В авиации спирт расходовался тоннами, но человек воюющий при этом оставался в стороне и был вынужден устраивать себе сто граммов как сумеет. У одних густо, у других пусто. В экстренном случае за пятьдесят чеков водку можно было купить у солдат, в автобате. Иногда водкой рассчитывались вместо денег…

…Зашел Саша Ласницкий.

— Забирай назад свою настенную пехоту! Вы улетели, эти кровососы перебрались к нам.
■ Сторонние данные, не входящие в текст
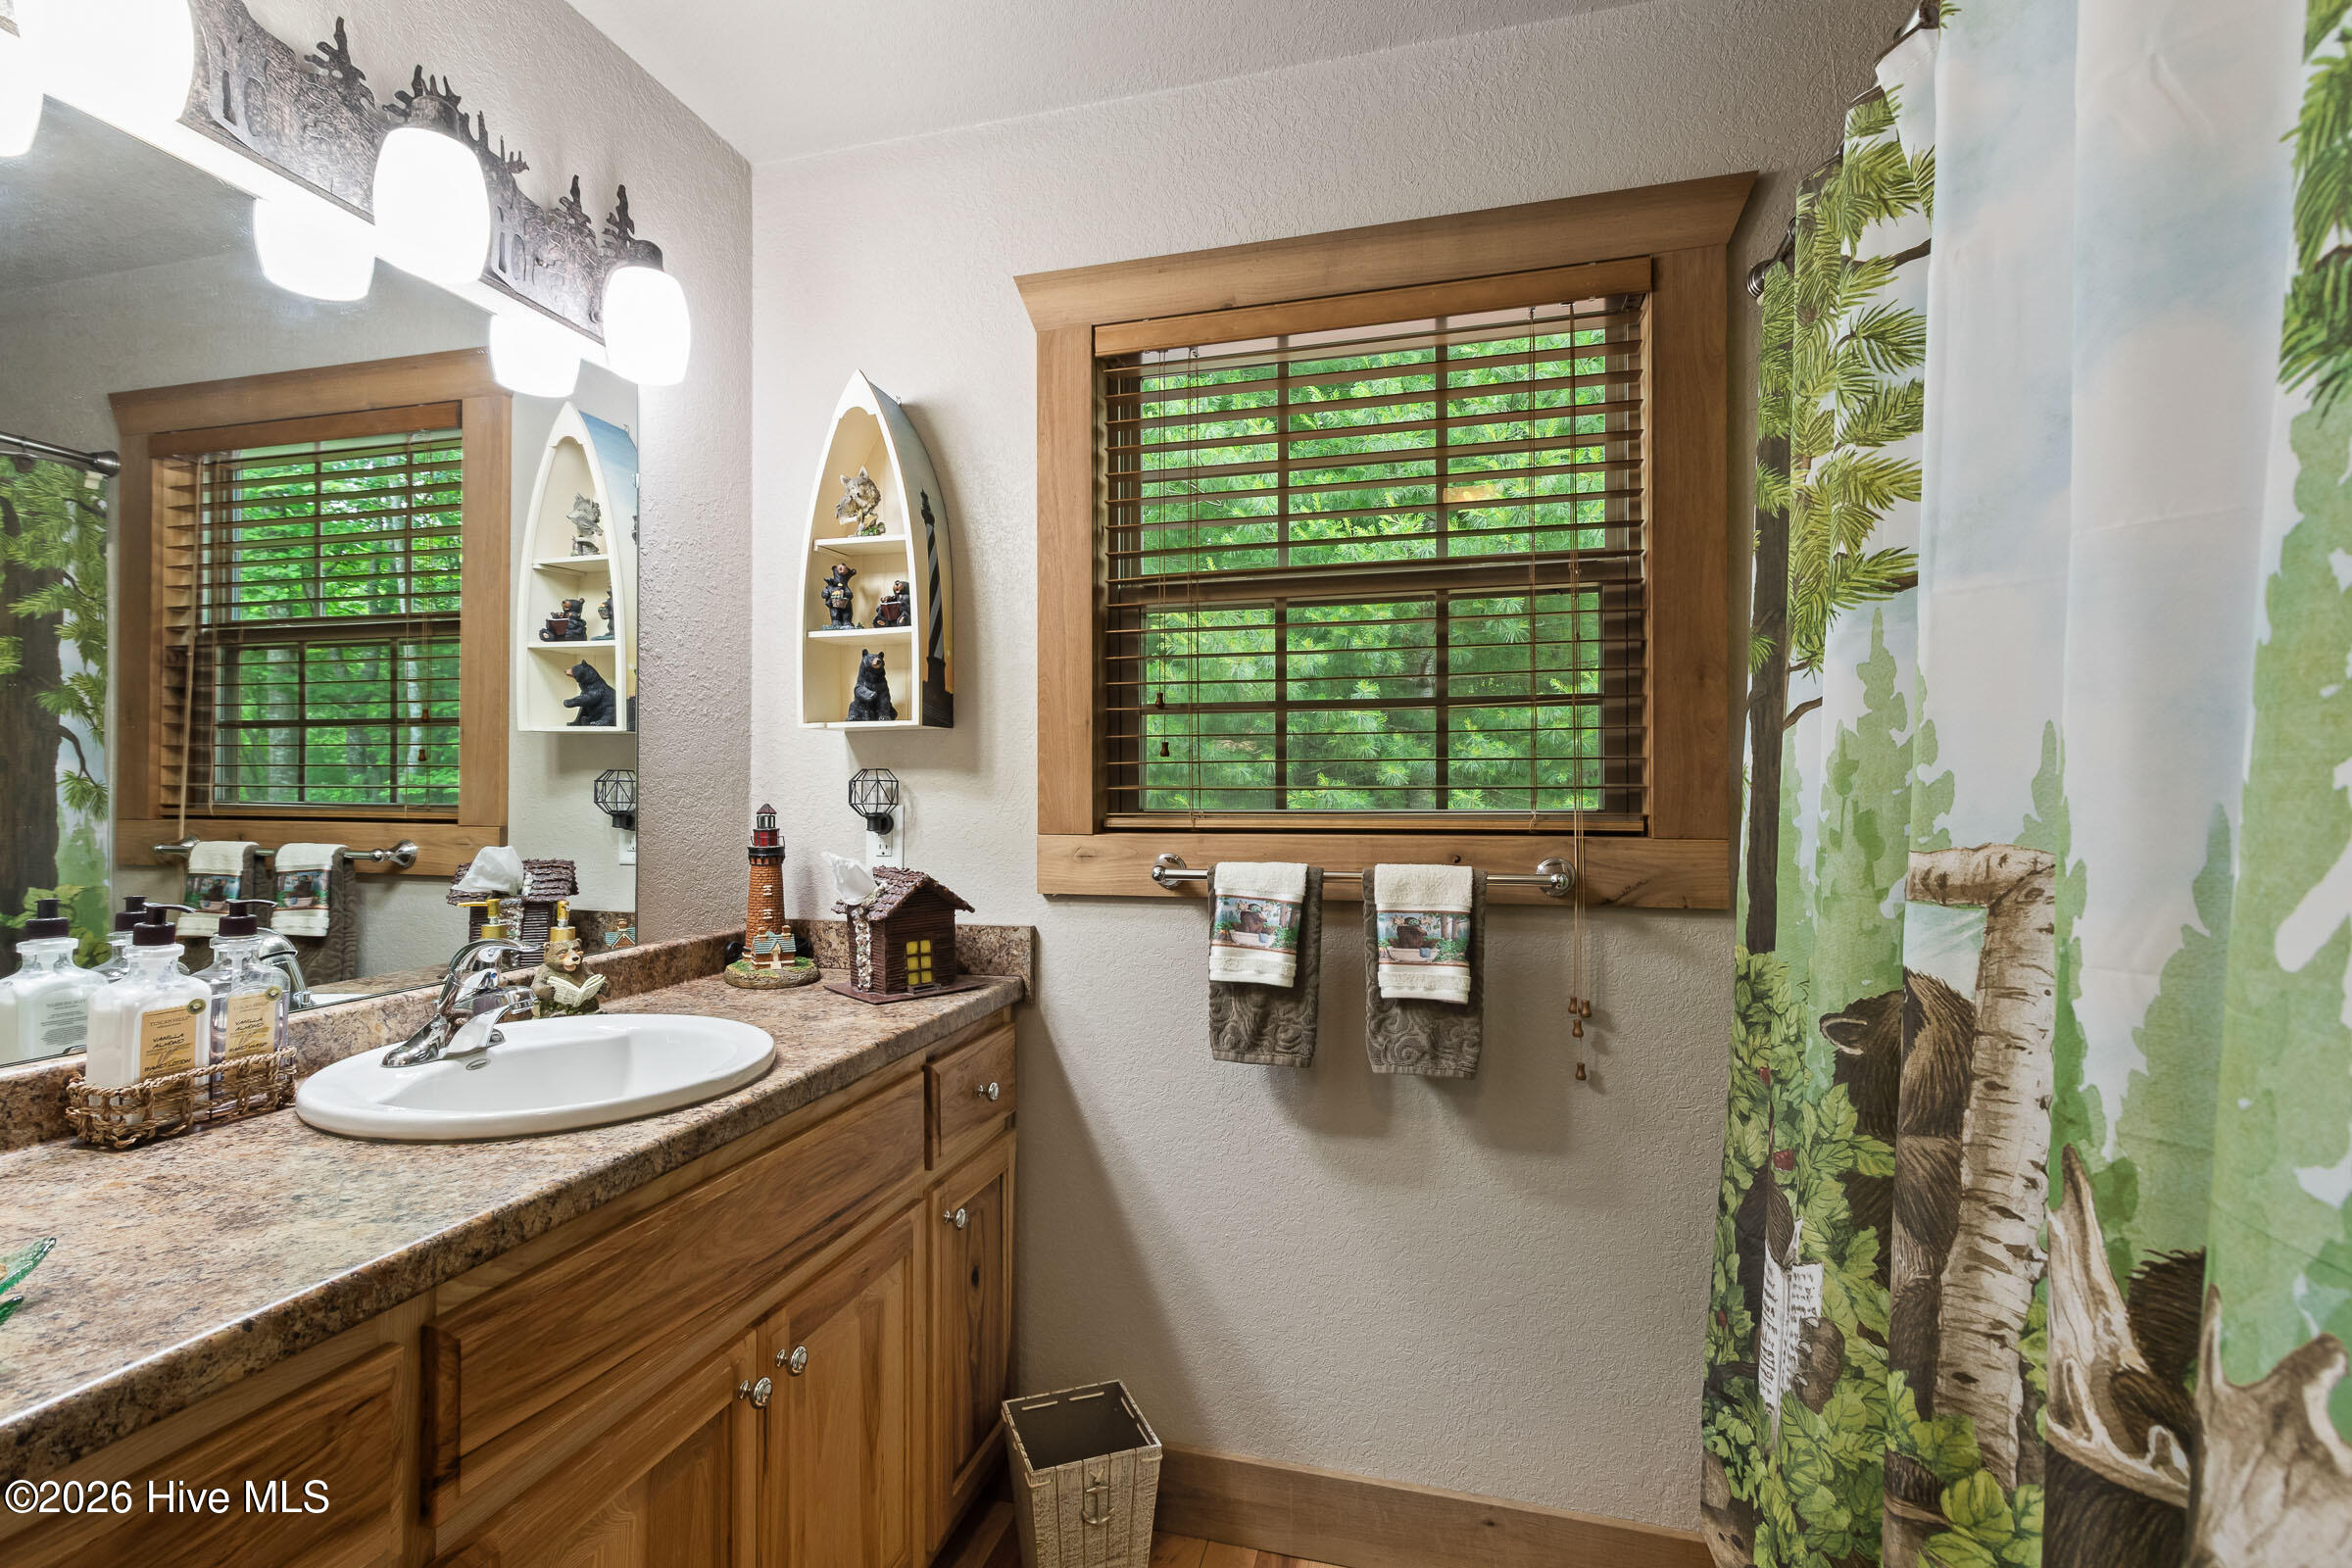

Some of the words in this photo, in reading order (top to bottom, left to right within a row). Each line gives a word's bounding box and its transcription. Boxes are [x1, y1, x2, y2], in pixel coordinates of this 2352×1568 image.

— Ага! А говорил — одесситы несъедобны?

Саша недоверчиво поморщил лоб, оглядывая наши стены.

— Бери летную книжку, пойдем к Санникову. «Они хотят» тебя лицезреть…

Санников сидел в классе летной подготовки. Сам подошел к нам, ухватил мою руку, отлетевшую от виска, сжал так, словно хотел испытать ее на прочность. Пепельные волосы, обильно пробитые сединой, насмешливые глаза с бледной голубизной, какая бывает у только что разбавленного спирта-сырца. Наверное, его лицо с правильными чертами и носом с легкой горбинкой годилось бы для натуры: взгляд аса пронзает голубые выси из-под ладони, приставленной ко лбу козырьком…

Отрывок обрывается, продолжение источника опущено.